──────── Records for this task ────────

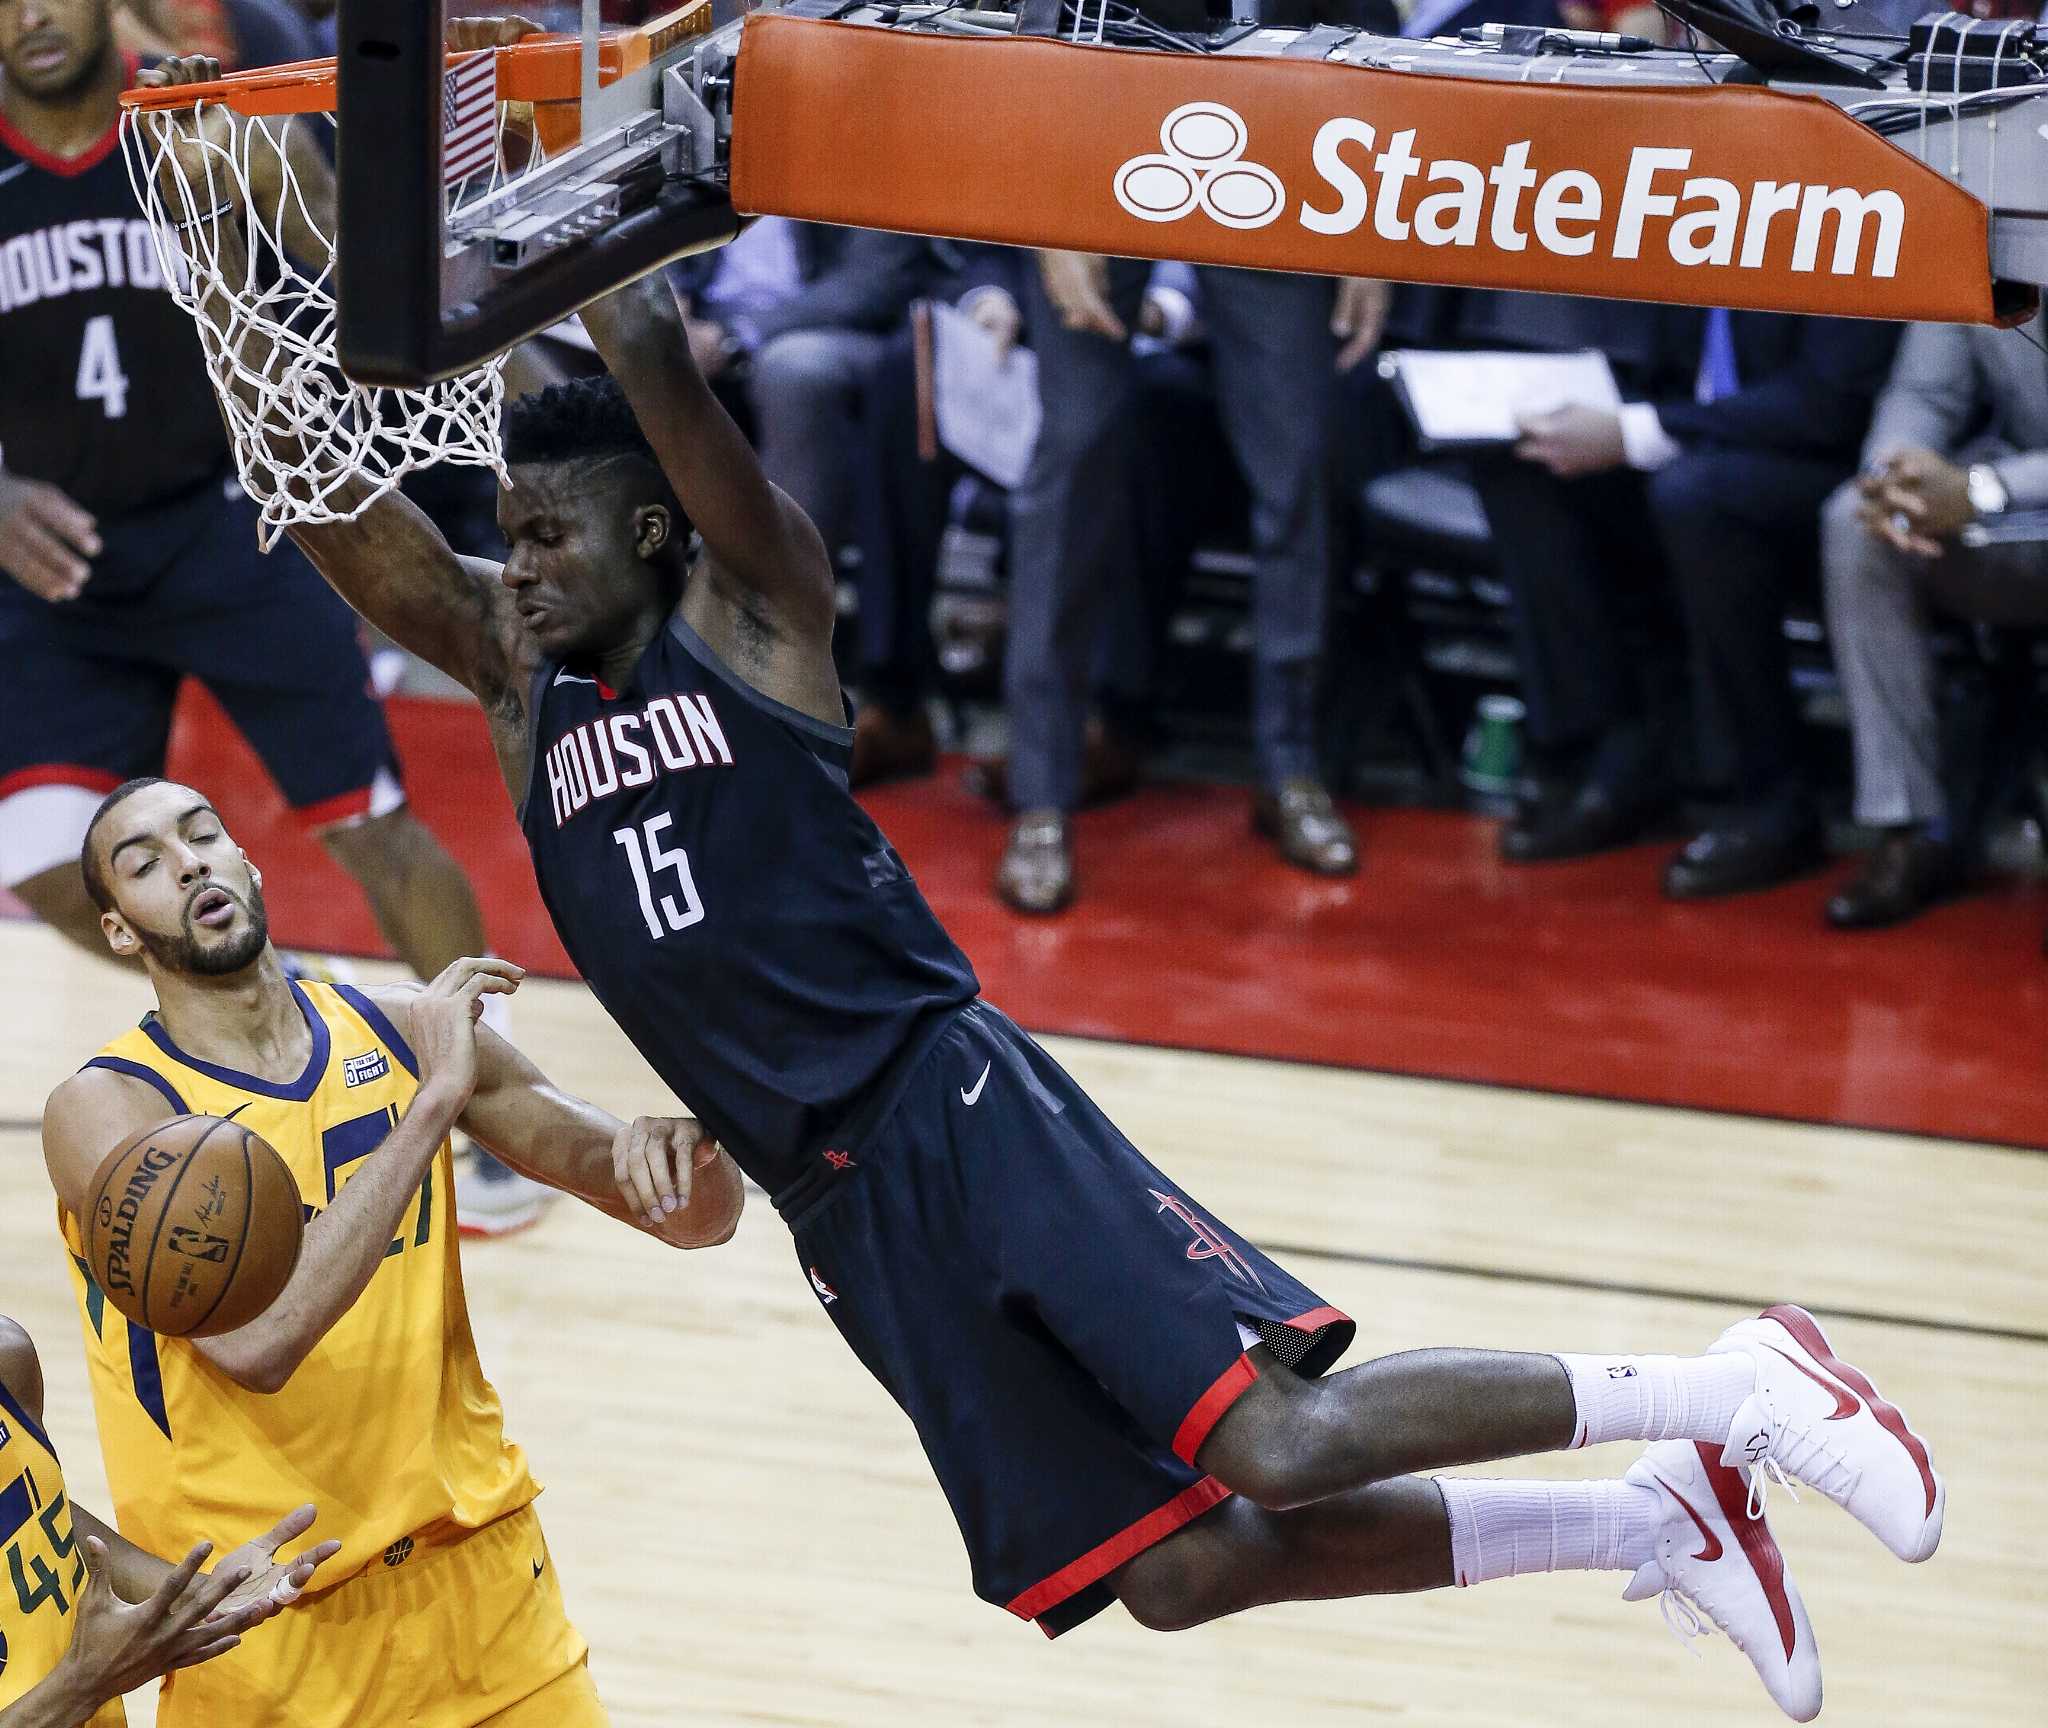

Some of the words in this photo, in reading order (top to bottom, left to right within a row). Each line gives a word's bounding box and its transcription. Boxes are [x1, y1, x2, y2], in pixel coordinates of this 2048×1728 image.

[1300, 117, 1602, 257] State
[1612, 146, 1906, 278] Farm
[77, 316, 129, 418] 4
[546, 694, 733, 829] HOUSON
[613, 811, 705, 940] 15
[346, 1063, 355, 1083] 5
[358, 1062, 384, 1080] FIGHT
[107, 1147, 178, 1296] SPALDING
[6, 1489, 85, 1617] 45
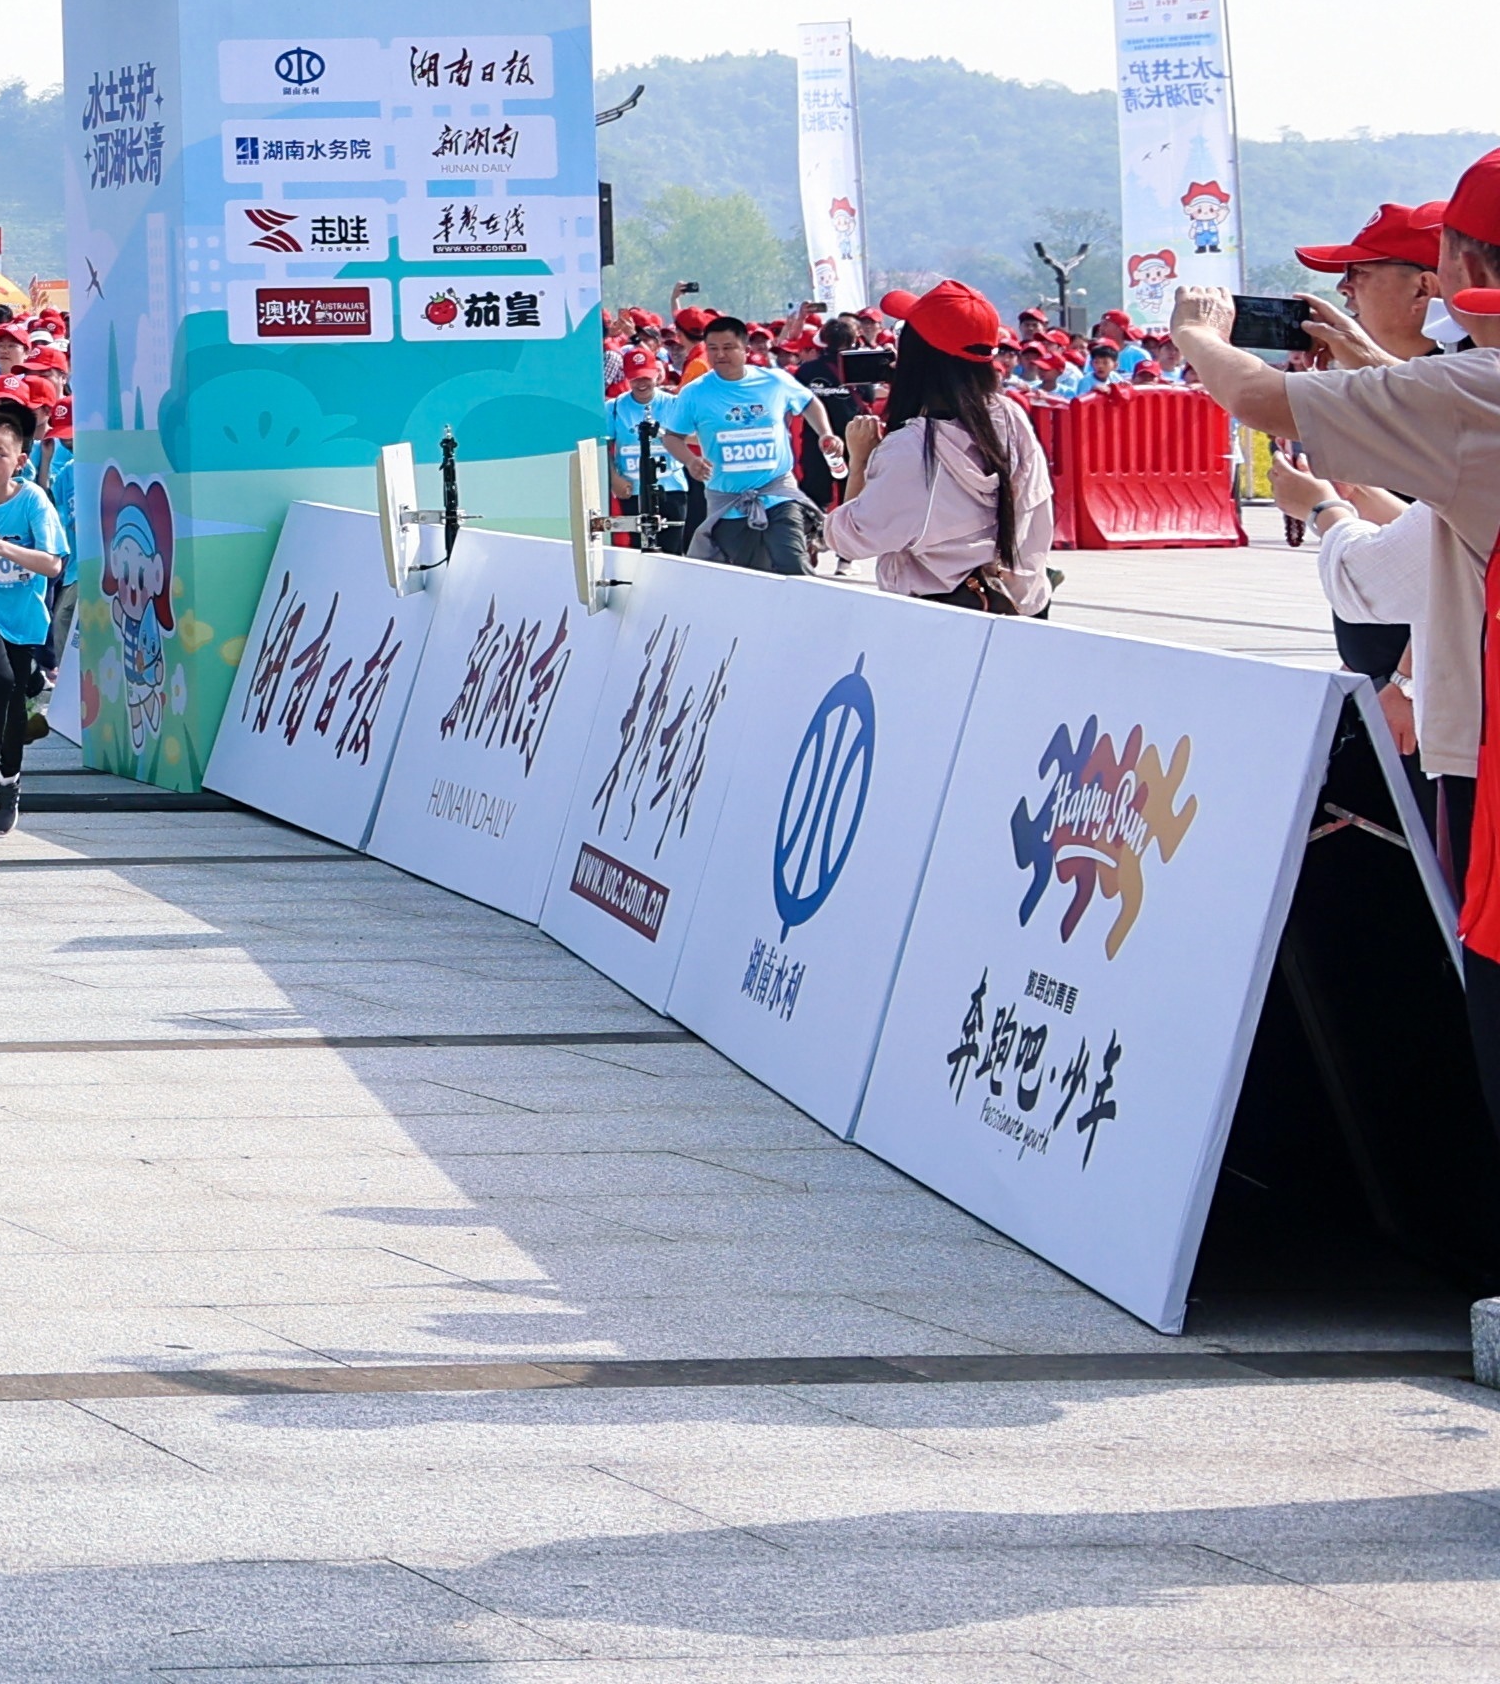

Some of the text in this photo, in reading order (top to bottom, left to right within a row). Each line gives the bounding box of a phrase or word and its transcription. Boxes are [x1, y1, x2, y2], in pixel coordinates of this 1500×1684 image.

[82, 61, 158, 130] 水土共护
[90, 121, 165, 191] 河湖长清
[262, 138, 372, 161] 湖南水务院
[432, 123, 518, 159] 新湖南
[441, 163, 512, 173] HUNAN DAILY
[311, 216, 369, 246] 走娃
[435, 243, 525, 253] www.voc.com.cn
[258, 300, 311, 326] 澳牧
[464, 292, 541, 328] 茄皇
[722, 442, 775, 462] B2007
[441, 593, 572, 778] 新湖南
[426, 778, 517, 838] HUNAN DAILY
[1043, 772, 1150, 856] Happy Run
[576, 848, 664, 932] www.voc.com.cn
[744, 937, 806, 1022] 湖南水利
[1024, 968, 1080, 1016] 激昂的青春
[980, 1096, 1023, 1140] Passionate

────────

What to produce —
Word for word, give the data above again, without any images.

Answer for the task —
Some of the words in this photo, in reading order (top to bottom, left to right within a row). Each line gives a word's bounding box and its transcription. Boxes are [x1, y1, x2, y2], in pixel coordinates of this 2048×1728 image.

[1300, 117, 1602, 257] State
[1612, 146, 1906, 278] Farm
[77, 316, 129, 418] 4
[546, 694, 733, 829] HOUSON
[613, 811, 705, 940] 15
[346, 1063, 355, 1083] 5
[358, 1062, 384, 1080] FIGHT
[107, 1147, 178, 1296] SPALDING
[6, 1489, 85, 1617] 45

Some of the text in this photo, in reading order (top to bottom, left to right within a row). Each line gives the bounding box of a phrase or word and its transcription. Boxes are [x1, y1, x2, y2], in pixel coordinates of this 1500×1684 image.

[82, 61, 158, 130] 水土共护
[90, 121, 165, 191] 河湖长清
[262, 138, 372, 161] 湖南水务院
[432, 123, 518, 159] 新湖南
[441, 163, 512, 173] HUNAN DAILY
[311, 216, 369, 246] 走娃
[435, 243, 525, 253] www.voc.com.cn
[258, 300, 311, 326] 澳牧
[464, 292, 541, 328] 茄皇
[722, 442, 775, 462] B2007
[441, 593, 572, 778] 新湖南
[426, 778, 517, 838] HUNAN DAILY
[1043, 772, 1150, 856] Happy Run
[576, 848, 664, 932] www.voc.com.cn
[744, 937, 806, 1022] 湖南水利
[1024, 968, 1080, 1016] 激昂的青春
[980, 1096, 1023, 1140] Passionate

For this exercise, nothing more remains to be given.